» DATA
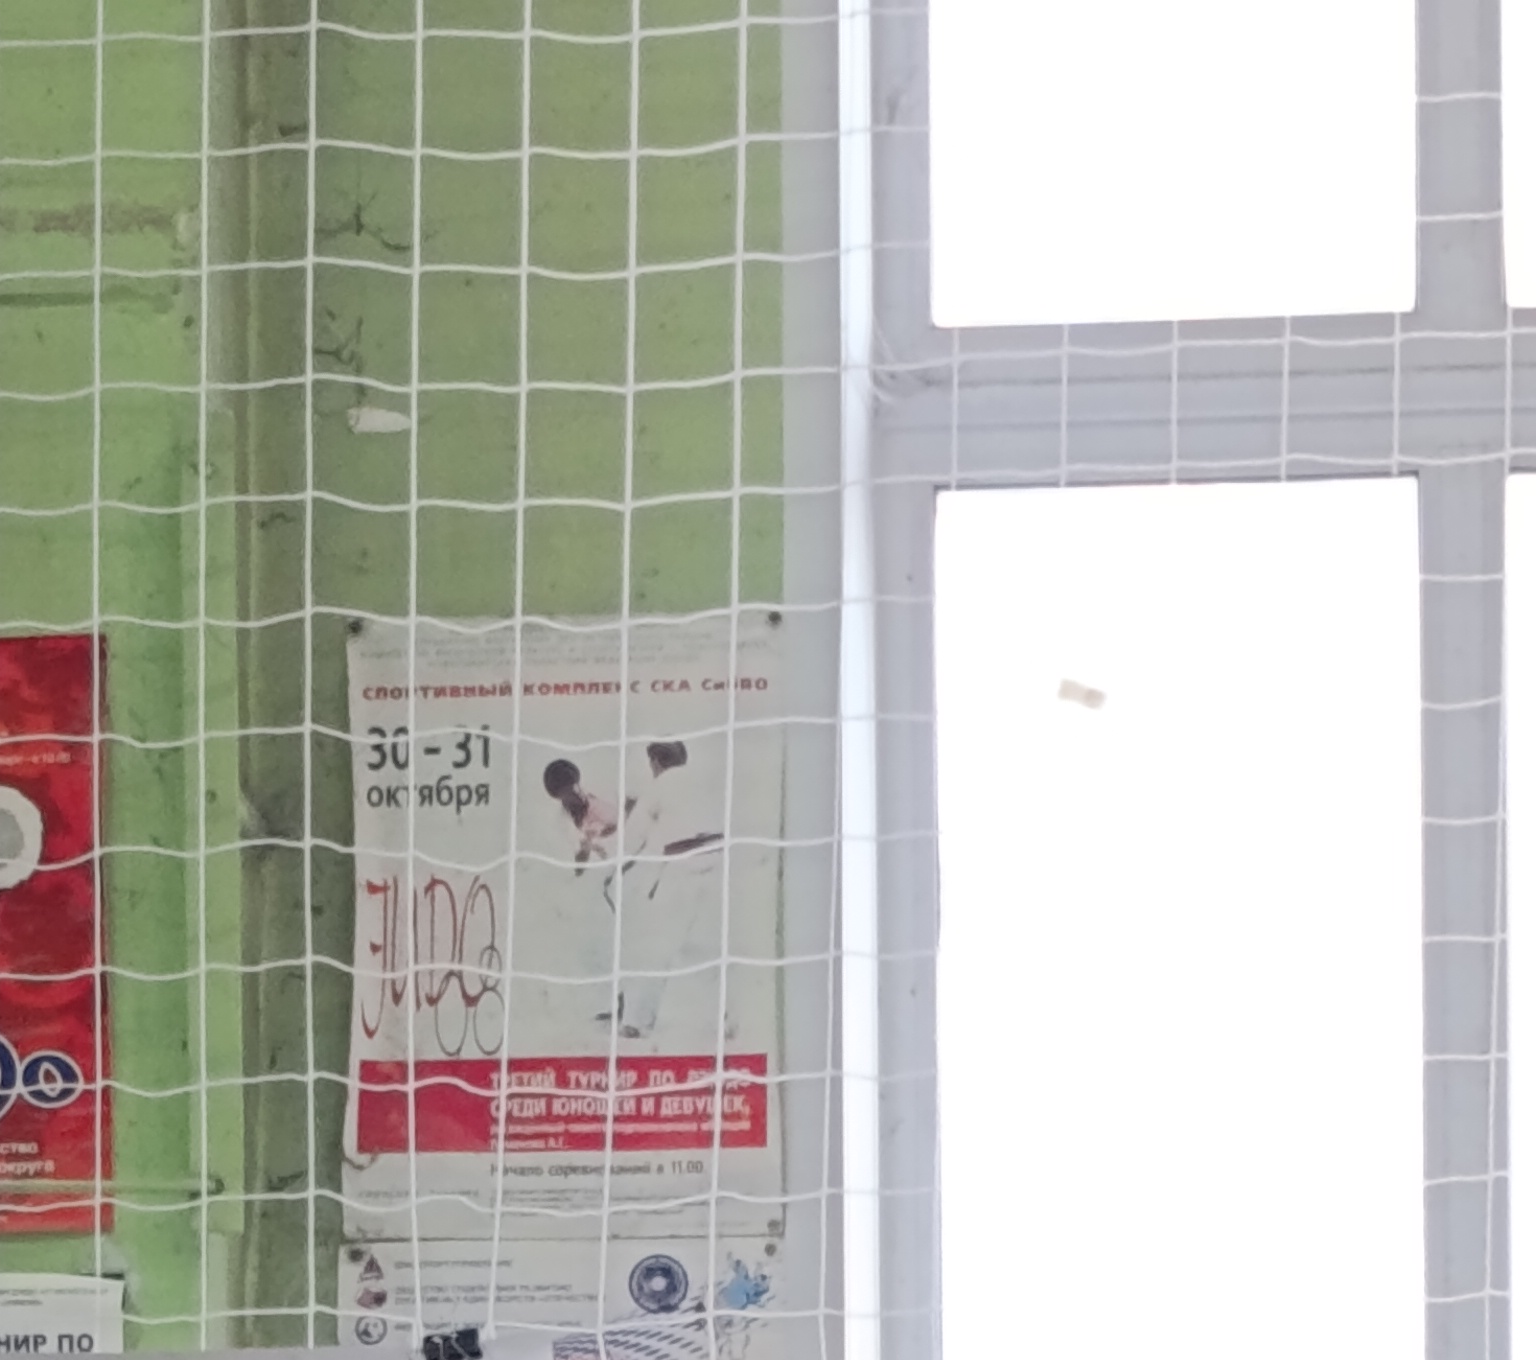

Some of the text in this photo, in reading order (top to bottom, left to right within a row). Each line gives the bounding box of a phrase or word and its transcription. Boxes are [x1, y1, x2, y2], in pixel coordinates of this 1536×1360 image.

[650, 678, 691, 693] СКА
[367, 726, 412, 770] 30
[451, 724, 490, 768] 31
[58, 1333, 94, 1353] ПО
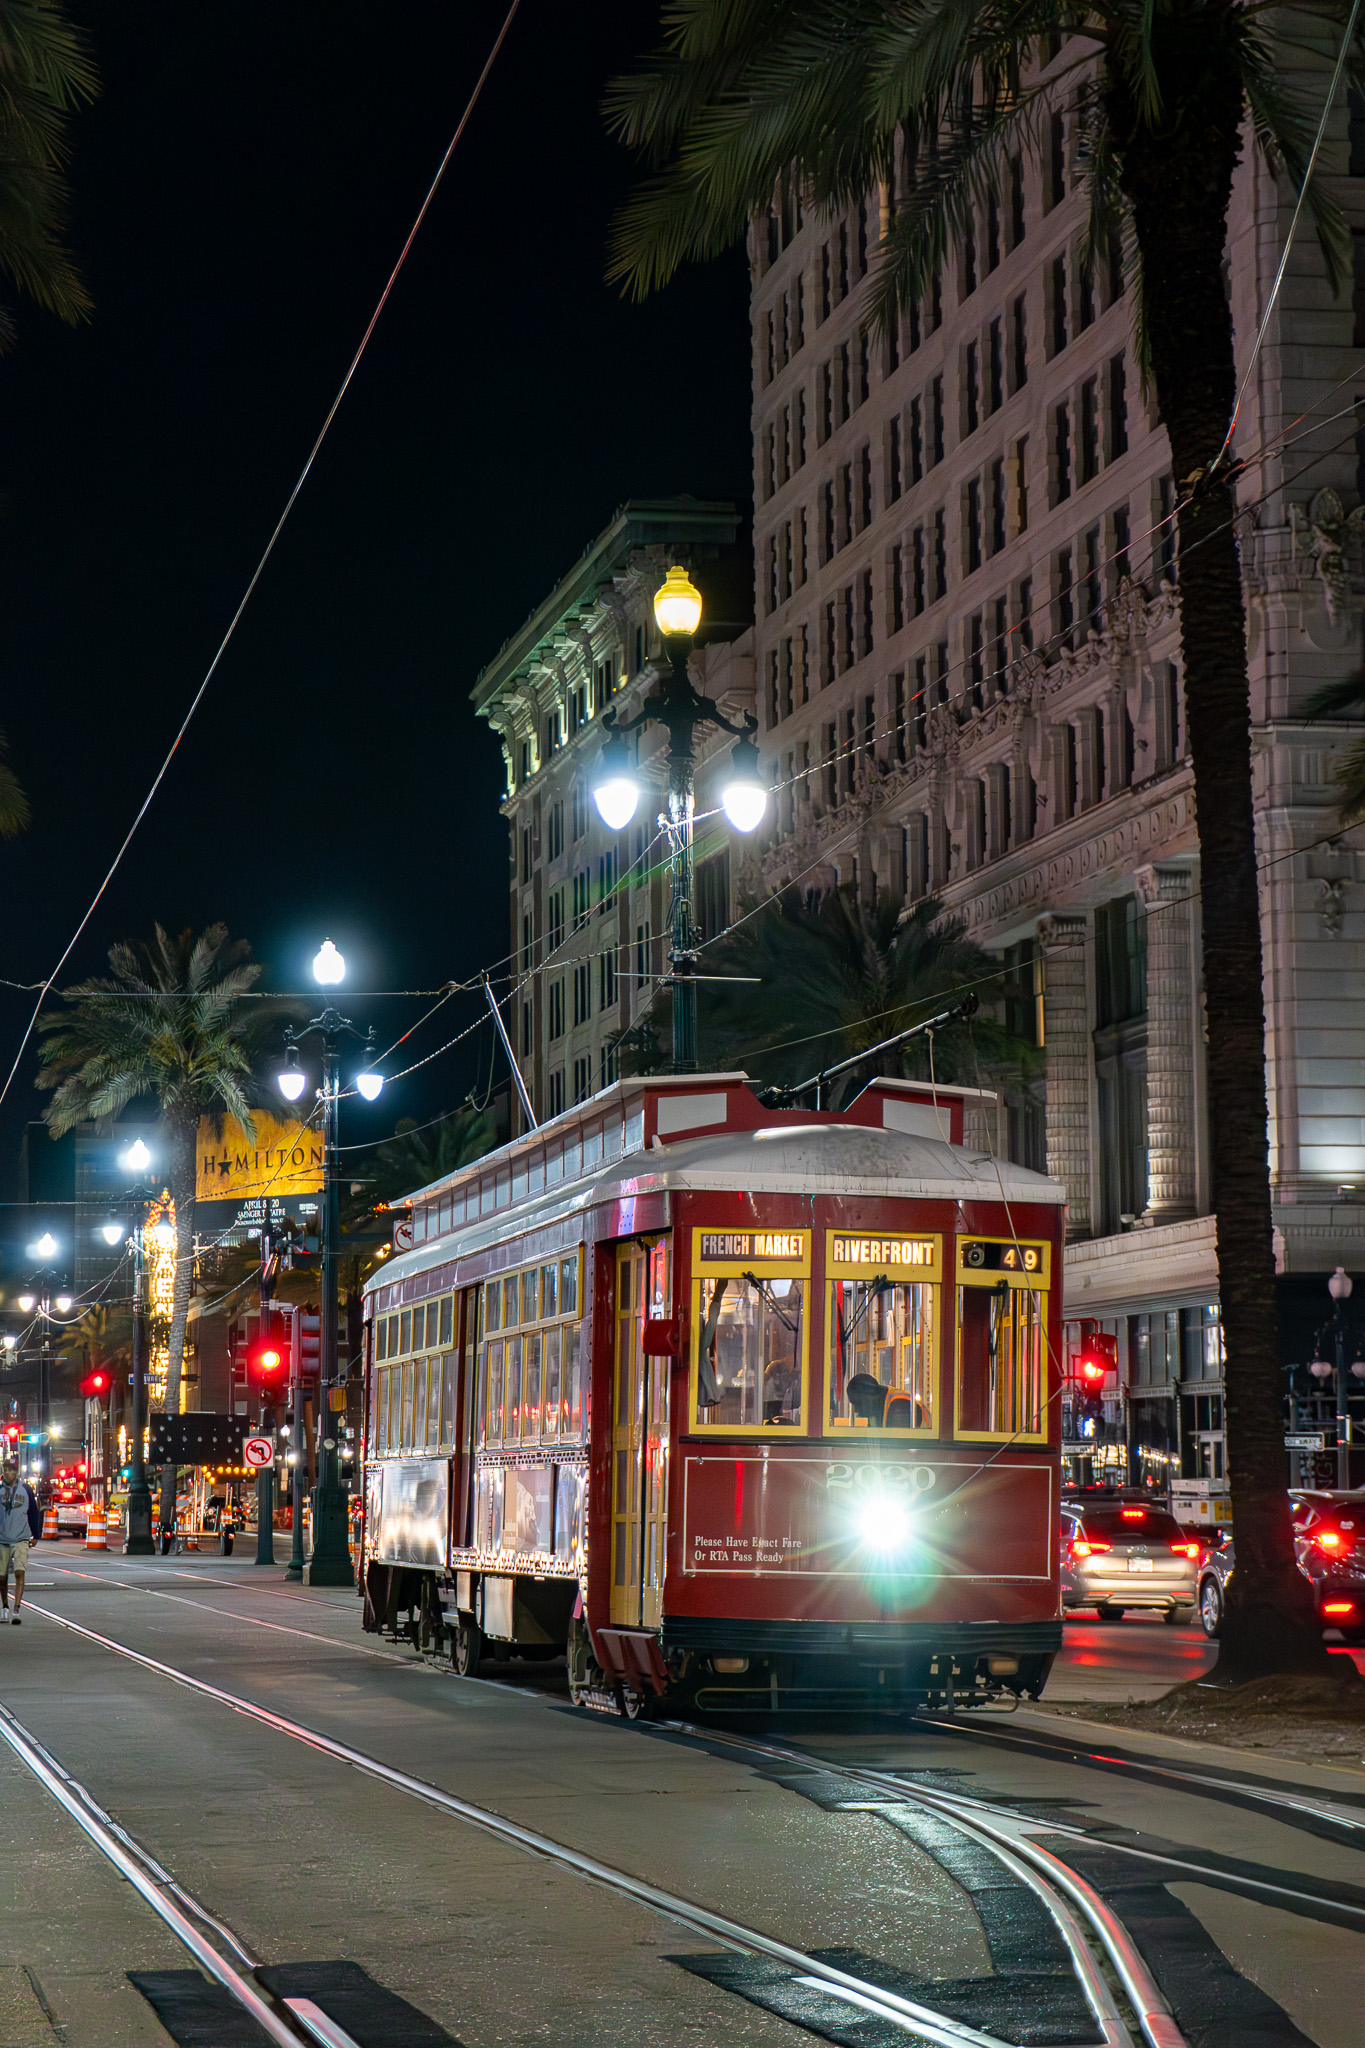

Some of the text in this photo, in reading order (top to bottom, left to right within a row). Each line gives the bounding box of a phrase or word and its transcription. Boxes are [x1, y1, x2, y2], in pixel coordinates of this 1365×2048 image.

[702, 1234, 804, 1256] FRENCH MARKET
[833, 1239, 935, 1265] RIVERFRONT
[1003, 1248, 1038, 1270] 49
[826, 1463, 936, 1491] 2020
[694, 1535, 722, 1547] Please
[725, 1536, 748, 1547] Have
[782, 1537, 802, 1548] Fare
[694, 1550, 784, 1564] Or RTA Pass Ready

» PROBLEM DETAILS
What you give back should match the entries above exactly, except that pictures are dropped.

» TASK SOLUTION
Some of the text in this photo, in reading order (top to bottom, left to right within a row). Each line gives the bounding box of a phrase or word and its transcription. Boxes are [x1, y1, x2, y2], in pixel coordinates of this 1536×1360 image.

[650, 678, 691, 693] СКА
[367, 726, 412, 770] 30
[451, 724, 490, 768] 31
[58, 1333, 94, 1353] ПО

Some of the text in this photo, in reading order (top to bottom, left to right within a row). Each line gives the bounding box of a phrase or word and its transcription. Boxes are [x1, y1, x2, y2], in pixel coordinates of this 1365×2048 image.

[702, 1234, 804, 1256] FRENCH MARKET
[833, 1239, 935, 1265] RIVERFRONT
[1003, 1248, 1038, 1270] 49
[826, 1463, 936, 1491] 2020
[694, 1535, 722, 1547] Please
[725, 1536, 748, 1547] Have
[782, 1537, 802, 1548] Fare
[694, 1550, 784, 1564] Or RTA Pass Ready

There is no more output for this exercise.